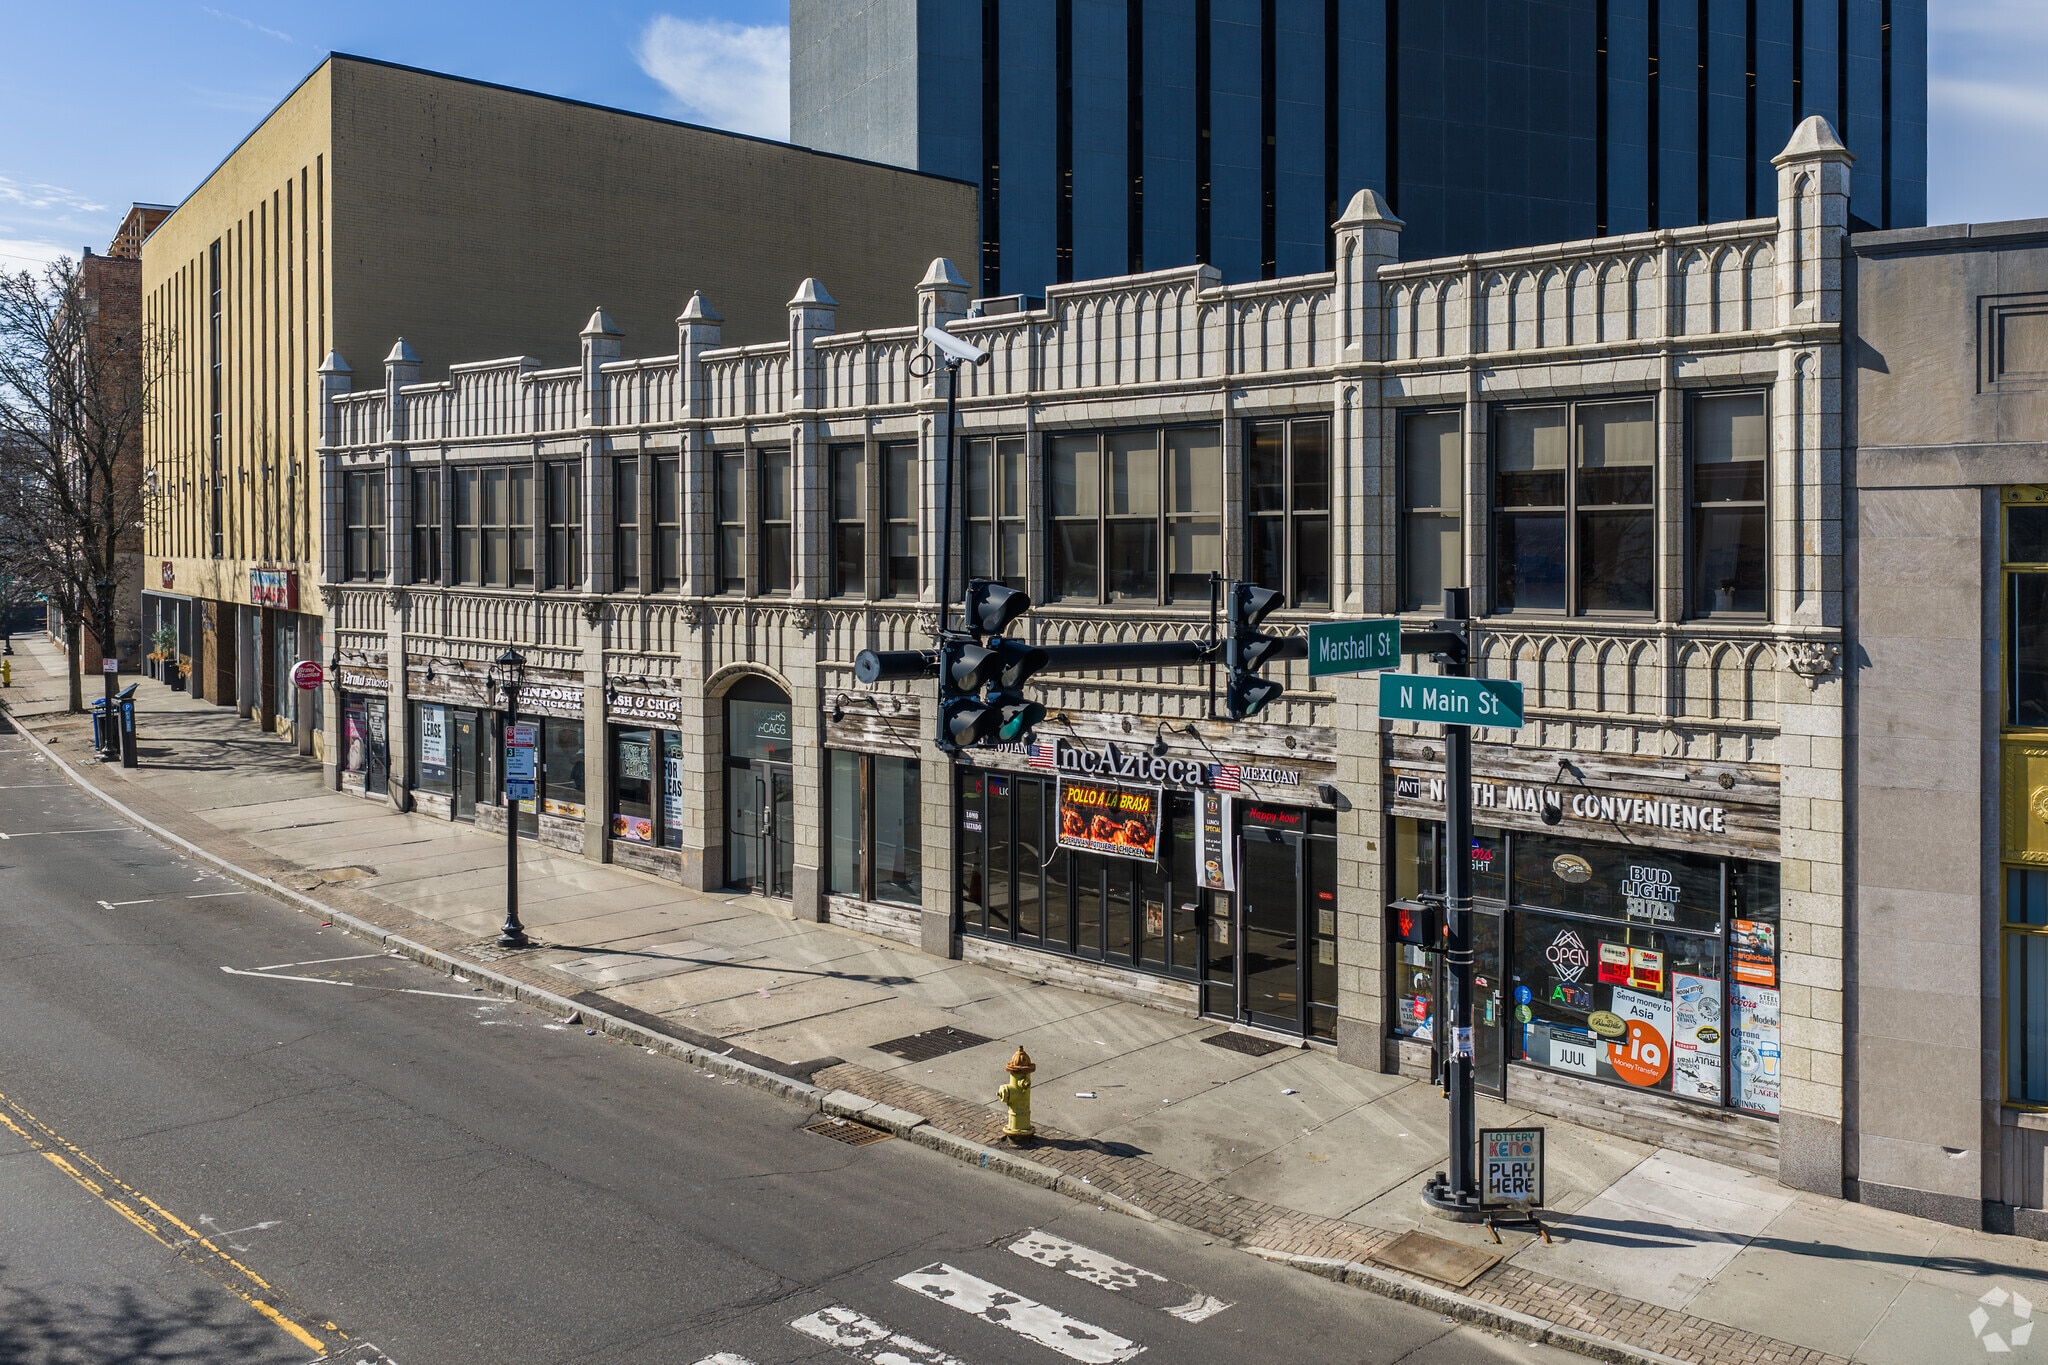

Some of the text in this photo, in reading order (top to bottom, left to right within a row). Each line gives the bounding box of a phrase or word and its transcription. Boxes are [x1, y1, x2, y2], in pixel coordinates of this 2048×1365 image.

[1319, 632, 1391, 662] Marshall St
[532, 699, 582, 710] CHICKEN
[635, 696, 645, 708] &
[1400, 686, 1499, 715] N Main St
[423, 706, 435, 722] FOR
[612, 707, 678, 721] SEAFOOD
[753, 709, 786, 721] ROGERS
[423, 722, 442, 738] LEASE
[508, 748, 514, 757] 3
[1240, 766, 1301, 786] MEXICAN
[1398, 780, 1419, 794] ANT
[1067, 788, 1150, 812] POLLO A LA BRASA
[1430, 778, 1496, 807] NTH
[1572, 793, 1724, 832] CONVENIENCE
[1206, 818, 1220, 826] LUNCH
[1249, 807, 1300, 824] Happy hour
[1205, 825, 1222, 833] SPECIAL
[1118, 845, 1146, 857] CHICKEN
[1630, 865, 1672, 886] BUD
[1621, 880, 1680, 903] LIGHT
[1546, 945, 1589, 967] OPEN
[1732, 951, 1773, 963] Bangladesh
[1552, 986, 1590, 1007] ATM
[1616, 990, 1635, 1003] Send
[1636, 996, 1663, 1011] money
[1663, 1003, 1671, 1012] to
[1731, 995, 1757, 1009] Coors
[1759, 994, 1778, 1003] STEEL
[1630, 1005, 1654, 1020] Asia
[1752, 1013, 1777, 1026] Modelo
[1731, 1028, 1760, 1039] Corona
[1614, 1028, 1661, 1067] ria
[1559, 1048, 1586, 1067] JUUL
[1695, 1056, 1721, 1068] TRULY
[1613, 1058, 1659, 1077] Money Transfer
[1753, 1087, 1779, 1099] LAGER
[1730, 1097, 1766, 1111] GUINNESS
[1490, 1133, 1535, 1142] LOTTERY
[1489, 1142, 1535, 1157] KENO
[1489, 1162, 1535, 1178] PLAY
[1489, 1178, 1535, 1194] HERE
────
### Task directions
Print the listing exactly. No pictures belong in the copy.

### Answer area
Some of the text in this photo, in reading order (top to bottom, left to right within a row). Each line gives the bounding box of a phrase or word and its transcription. Boxes are [x1, y1, x2, y2], in pixel coordinates of this 2048×1365 image.

[1319, 632, 1391, 662] Marshall St
[532, 699, 582, 710] CHICKEN
[635, 696, 645, 708] &
[1400, 686, 1499, 715] N Main St
[423, 706, 435, 722] FOR
[612, 707, 678, 721] SEAFOOD
[753, 709, 786, 721] ROGERS
[423, 722, 442, 738] LEASE
[508, 748, 514, 757] 3
[1240, 766, 1301, 786] MEXICAN
[1398, 780, 1419, 794] ANT
[1067, 788, 1150, 812] POLLO A LA BRASA
[1430, 778, 1496, 807] NTH
[1572, 793, 1724, 832] CONVENIENCE
[1206, 818, 1220, 826] LUNCH
[1249, 807, 1300, 824] Happy hour
[1205, 825, 1222, 833] SPECIAL
[1118, 845, 1146, 857] CHICKEN
[1630, 865, 1672, 886] BUD
[1621, 880, 1680, 903] LIGHT
[1546, 945, 1589, 967] OPEN
[1732, 951, 1773, 963] Bangladesh
[1552, 986, 1590, 1007] ATM
[1616, 990, 1635, 1003] Send
[1636, 996, 1663, 1011] money
[1663, 1003, 1671, 1012] to
[1731, 995, 1757, 1009] Coors
[1759, 994, 1778, 1003] STEEL
[1630, 1005, 1654, 1020] Asia
[1752, 1013, 1777, 1026] Modelo
[1731, 1028, 1760, 1039] Corona
[1614, 1028, 1661, 1067] ria
[1559, 1048, 1586, 1067] JUUL
[1695, 1056, 1721, 1068] TRULY
[1613, 1058, 1659, 1077] Money Transfer
[1753, 1087, 1779, 1099] LAGER
[1730, 1097, 1766, 1111] GUINNESS
[1490, 1133, 1535, 1142] LOTTERY
[1489, 1142, 1535, 1157] KENO
[1489, 1162, 1535, 1178] PLAY
[1489, 1178, 1535, 1194] HERE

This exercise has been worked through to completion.